> [Data under study]:
● ● ●

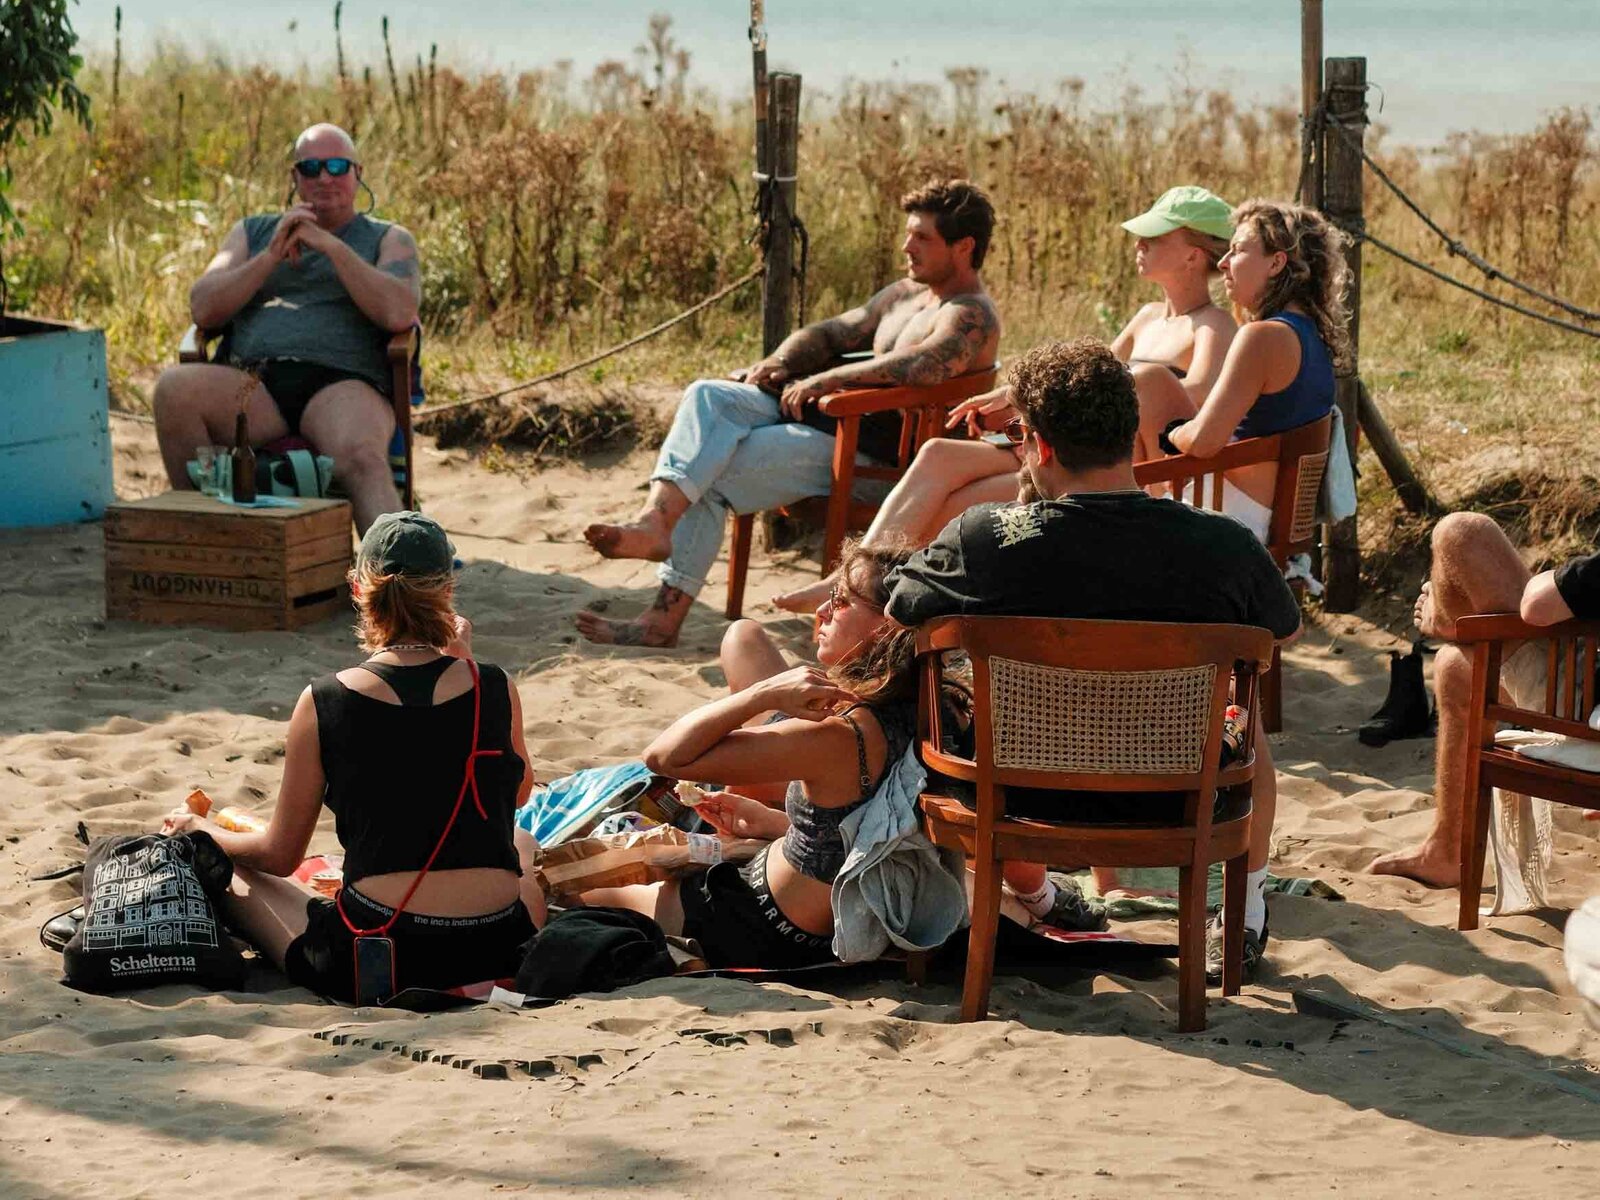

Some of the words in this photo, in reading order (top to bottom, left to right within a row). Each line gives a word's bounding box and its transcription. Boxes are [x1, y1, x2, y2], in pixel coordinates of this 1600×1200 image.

[413, 916, 428, 925] the
[756, 893, 830, 947] ARMOU
[109, 953, 196, 972] Scheltema
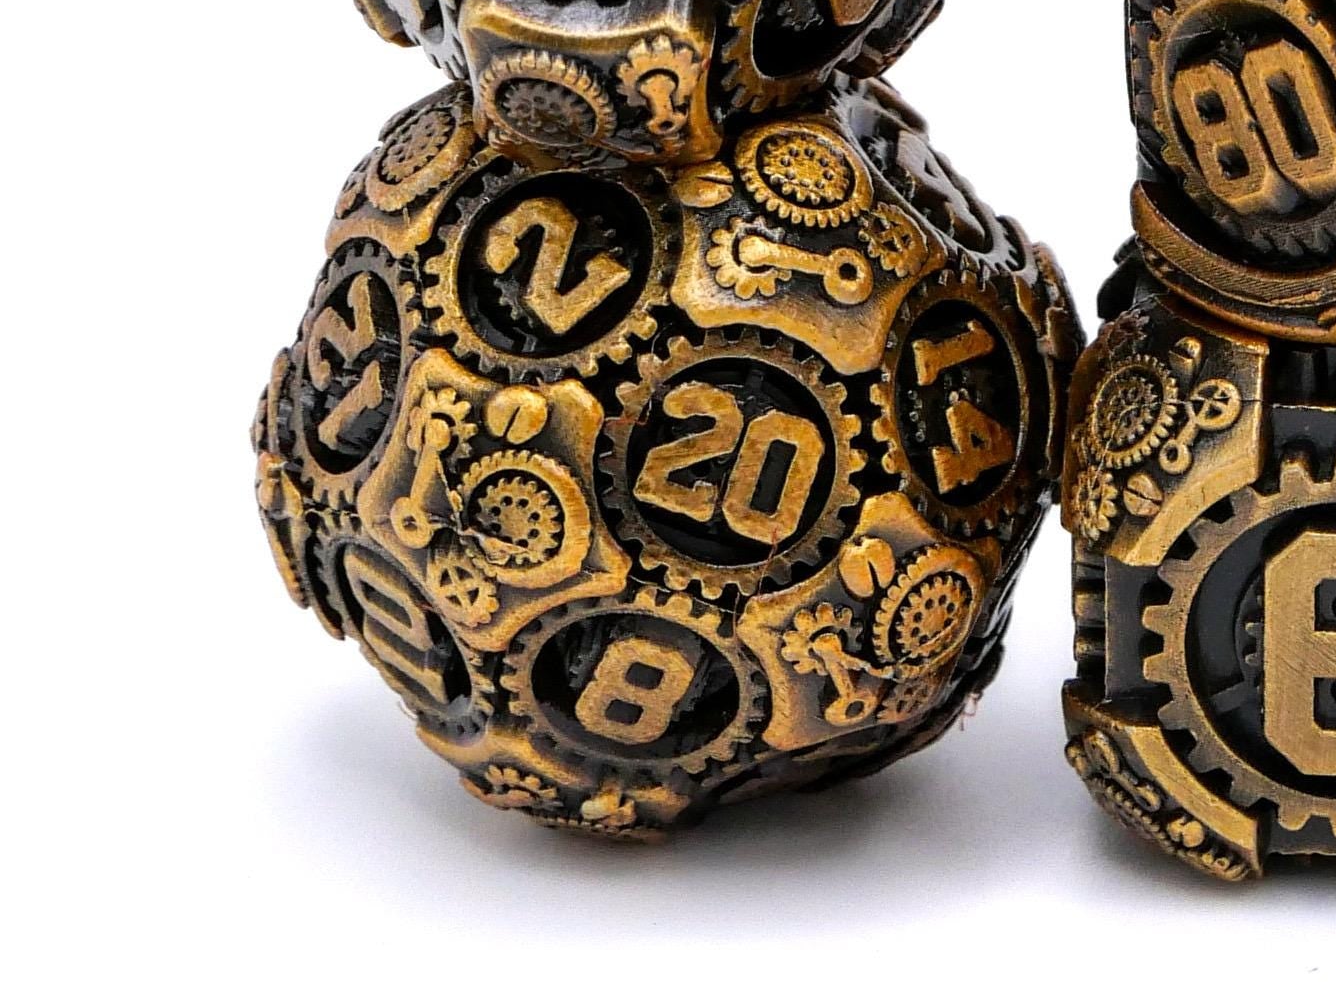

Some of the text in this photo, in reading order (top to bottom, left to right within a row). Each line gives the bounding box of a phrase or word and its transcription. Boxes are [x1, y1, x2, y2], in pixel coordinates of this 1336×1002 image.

[483, 198, 630, 335] 2
[633, 382, 826, 544] 20
[911, 320, 1013, 496] 14
[575, 637, 695, 745] 8
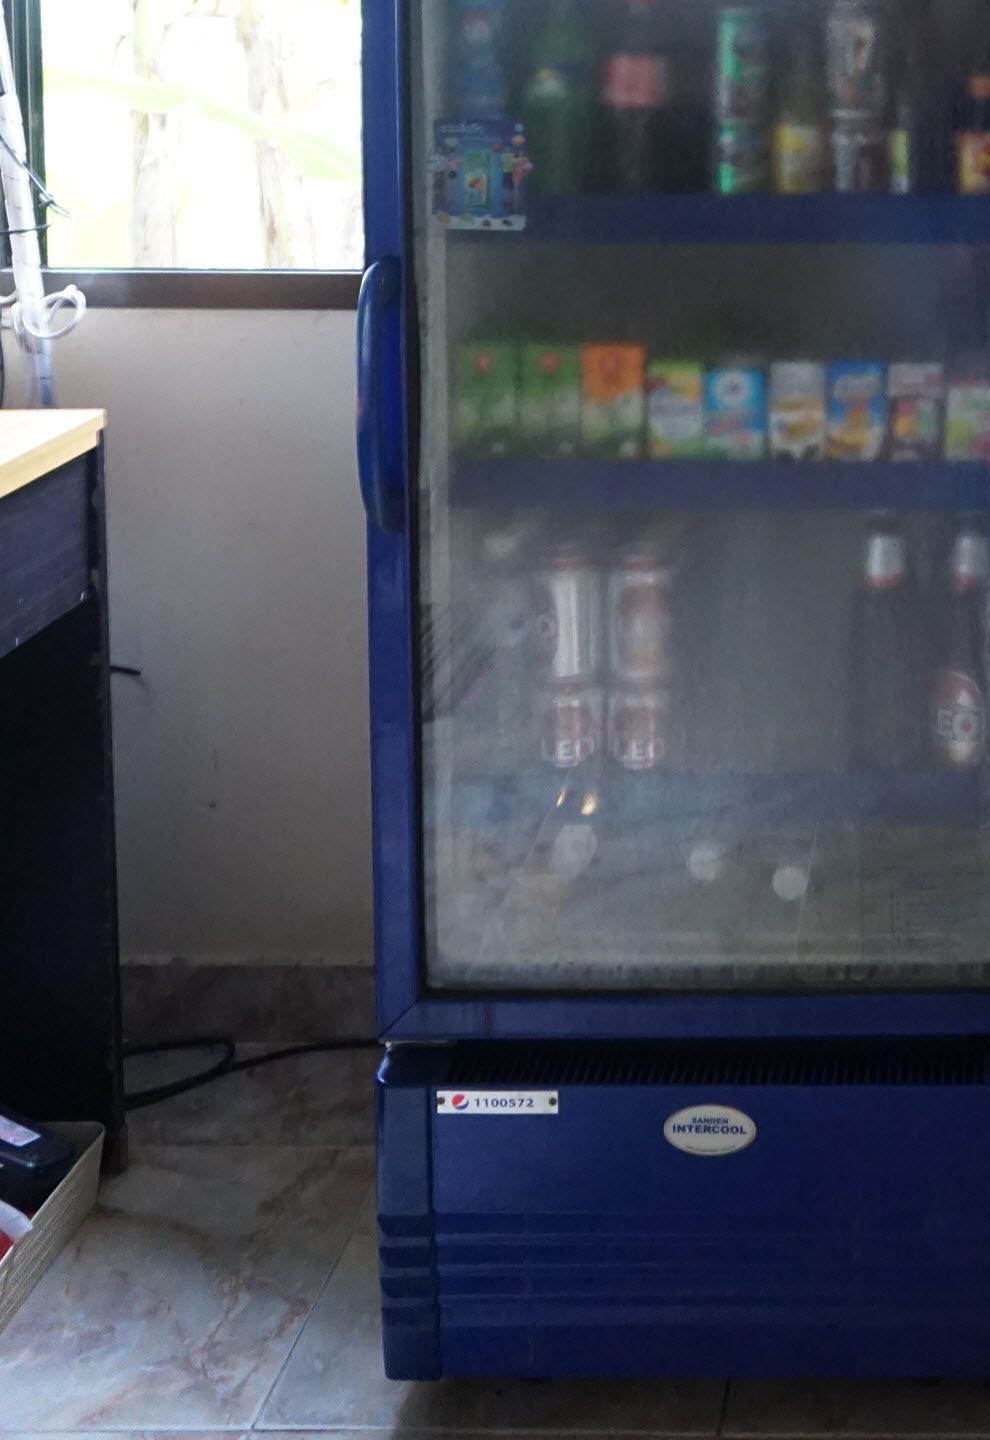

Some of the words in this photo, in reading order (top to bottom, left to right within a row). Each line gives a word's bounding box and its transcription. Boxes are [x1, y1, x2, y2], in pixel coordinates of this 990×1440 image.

[475, 1098, 534, 1108] 1100572
[692, 1117, 729, 1125] SANDEN
[672, 1124, 747, 1135] INTERCOOL

● ● ●

> [Your goal]:
Could the entries above be printed again exactly, apart from the pictures?

> [Written solution]:
Some of the words in this photo, in reading order (top to bottom, left to right within a row). Each line gives a word's bounding box and its transcription. Boxes are [x1, y1, x2, y2], in pixel coordinates of this 1600×1200 image.

[413, 916, 428, 925] the
[756, 893, 830, 947] ARMOU
[109, 953, 196, 972] Scheltema

Some of the text in this photo, in reading order (top to bottom, left to right within a row). Each line gives the bounding box of a phrase or word and its transcription. Boxes are [x1, y1, x2, y2], in pixel coordinates of this 1336×1002 image.

[483, 198, 630, 335] 2
[633, 382, 826, 544] 20
[911, 320, 1013, 496] 14
[575, 637, 695, 745] 8

Some of the words in this photo, in reading order (top to bottom, left to right within a row). Each line gives a word's bounding box and its transcription. Boxes are [x1, y1, x2, y2], in pixel coordinates of this 990×1440 image.

[475, 1098, 534, 1108] 1100572
[692, 1117, 729, 1125] SANDEN
[672, 1124, 747, 1135] INTERCOOL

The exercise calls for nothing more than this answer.